Cory Trefeletti continues the debate on Viewable Impressions on Mediapost. He sees a possible solution for pricing impressions depending on the viewability: “My suggestion would be that only ads above the fold are able to be priced on a CPM basis, and any ads below the fold of a standard website should be priced on a CPC or CPE (cost per engagement) basis.” Read more. Yieldex’s Tom Shields responds to Trefiletti’s idea in the comments of his own post on AdExchanger: “If you measure cost per unit effectiveness, then intermediate metrics are only about shifting risk between the advertiser and the publisher, and I don’t think we need a new one.”

Crossing The Channel

DataXu has published the results of a survey of 300 digital marketers conducted by Society of New Communications Research (SNCR) and consultancy Human 1.0. The survey found that marketers do not feel they have their arms around their own first-party data.
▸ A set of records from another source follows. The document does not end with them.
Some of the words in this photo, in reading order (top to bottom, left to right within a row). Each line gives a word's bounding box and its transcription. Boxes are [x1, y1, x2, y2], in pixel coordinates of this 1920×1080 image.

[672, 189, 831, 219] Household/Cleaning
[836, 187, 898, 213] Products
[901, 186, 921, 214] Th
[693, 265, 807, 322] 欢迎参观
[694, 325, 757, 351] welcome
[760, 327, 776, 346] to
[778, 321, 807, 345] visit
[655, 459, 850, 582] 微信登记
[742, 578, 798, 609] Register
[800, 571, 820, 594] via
Among several nuggets that may be of interest to data miners panning for insight “gold”: “Respondents report that the lack of a single cross-channel digital marketing platform was a significant obstacle to their efforts, and was most commonly identified as preventing the allocation of additional budget. (…) 20% of respondents report that increased measurability was a key driver in the rise of digital marketing.” Download the whitepaper (pay with some PII).

Mobile Ad Trends

Good news for mobile ad inventory owners. User acquisition costs are going up (resulting in higher CPMs for publishes(, but it may be at the expense of smaller mobile app developers who still need to promote their apps. VentureBeat’s Dean Takahashi looks at new February data from Fiksu (AdExchanger Q&A) and writes, “That’s a sign that mobile app makers are placing more ads to promote their products in the Apple App Store. If the costs keep rising, then smaller developers may find that it is going to cost too much to promote their apps, given the amount of money they can generate in revenue from those apps.” Read more on VB. And, read the release.

Online And Offline Comps

In a note to investor, J.P. Morgan analyst Doug Anmuth tries to do some look-alike modeling with the latest Best Buy financial data and says that the closure of 50 stores by Best Buy is positive for Amazon. However, quoting his own fellow JPM analyst, who covers Best Buy, Anmuth writes, “The [Best Buy] expense cuts are designed to right size the operating structure of Best Buy to the new reality of competing in a price transparent, online world. So these cost reductions are likely to be used to fund BBY’s investment in price – driving increased competition with AMZN over the long term.” Offline stores are restructuring – they don’t completely go away. And at some point, they will grow as online companies look for a brick-and-mortar toehold and its valuable data.